There was Morgantown, because I met her at school in West Virginia. There was Jamaica, because she was originally from Jamaica. There was Sweden. Not that she was from Sweden. I met her immediately after Jamaica. The most significant difference he could find was that she was white, so he named her after the whitest place on earth he could think of. There was the teacher, because she is, well, a teacher. We couldn’t use geography there, because she lived too close to home. It would have been too confusing. There was New York, because I met her during a trip to New York. She actually became special because she was so pretty. She has become our measuring stick. If I mention a girl and say, “Danny, she’s so fine,” his response might be, “Okay but is she New York fine?” This is the system we have. One might say that the perfect girl would be cool like Morgantown, as fine as New York, and…… I digress.

There is, though, one other category. It’s rare to reach it. If a girl rises to the status of being considered a fixture in my life, Danny learns her name. It takes some time. In fact, there are only three girls in my adult life that he actually refers to by name. I married (and divorced) the first one. The other two were significantly long relationships. That’s it. Those three. Everyone else has had a nickname. It’s a predictive system, I suppose. Danny knows me. He is rarely wrong. If she gets a nickname, she’ll probably be mentioned a bit.
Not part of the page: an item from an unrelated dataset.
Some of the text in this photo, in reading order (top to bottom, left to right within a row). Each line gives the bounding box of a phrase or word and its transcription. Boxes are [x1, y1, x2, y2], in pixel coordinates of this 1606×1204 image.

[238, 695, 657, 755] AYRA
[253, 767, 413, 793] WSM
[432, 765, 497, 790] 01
So this morning I’m talking to Danny. We are talking about girls, of course. I had realized that there was a girl I’d mentioned a few times this past week and that we hadn’t agreed on a name. I think I had referred to her by her job, but it hadn’t really stuck. So I asked, “What are we gonna call her?” He responded, “I think this one is gonna have to be called by her birth name.” Of course I protested. It has only been a week, after all. Seems a bit premature to me. But, it’s a predictive system, as I said. “Its like that?” I asked. “Just like that.” I guess we’ll find out.